Melalui Perjanjian Paris 2015, berbagai negara berjanji untuk mencoba mencegah suhu rata-rata global agar tidak melampaui ambang batas simbolis sebesar 1,5 derajat Celsius, untuk menghindari bencana iklim yang lebih parah dan mahal.
Your browser doesn’t support HTML5
Meski memecahkan rekor, suhu rata-rata global tahun 2024 tidak melampaui target Perjanjian Paris, yang memang mengukur suhu rata-rata jangka panjang.

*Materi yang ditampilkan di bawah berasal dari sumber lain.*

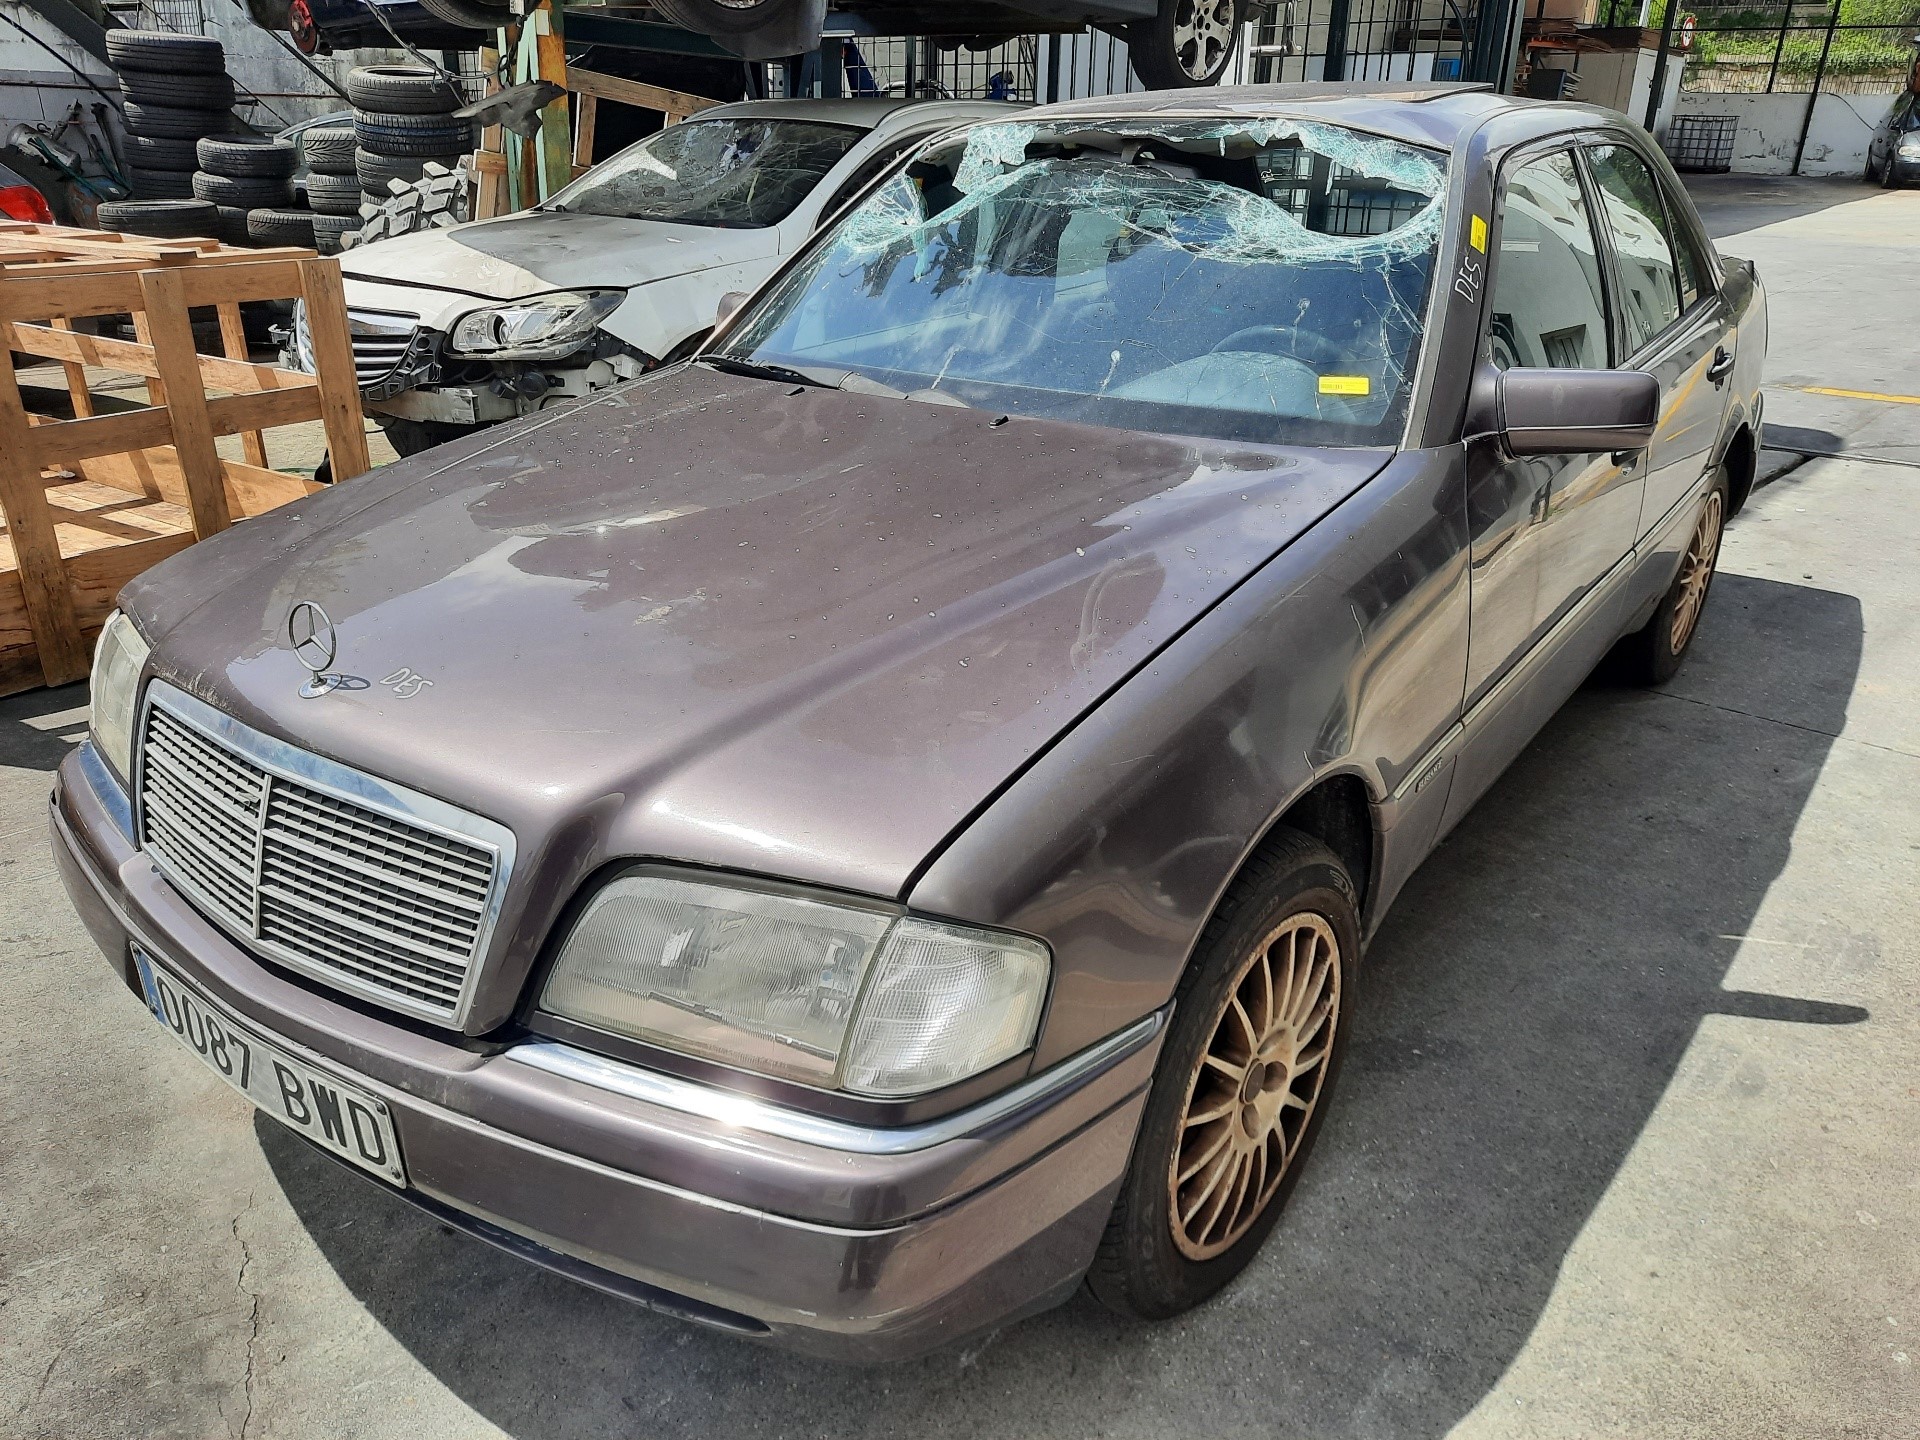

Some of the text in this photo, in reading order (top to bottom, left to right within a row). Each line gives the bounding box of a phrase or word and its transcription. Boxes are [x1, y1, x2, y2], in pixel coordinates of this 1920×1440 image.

Sejauh ini, planet Bumi telah menghangat rata-rata 1,3 derajat Celsius, tetapi akan mencapai 3,1 derajat Celsius pada 2100 seandainya kebijakan iklim saat ini tidak diubah, menurut laporan Kesenjangan Emisi PBB 2024.
Wakil Sekretaris Jenderal Organisasi Meteorologi Dunia (World Meteorological Organization/WMO) Ko Barrett mengatakan bahwa kenaikan suhu dan pengurangan emisi gas rumah kaca yang tidak memadai sungguh mengkhawatirkan. “Kita harus mengubah kedua tren ini ke arah yang benar jika kita mau mengatasi dampak jangka panjang dari perubahan iklim,” sebutnya.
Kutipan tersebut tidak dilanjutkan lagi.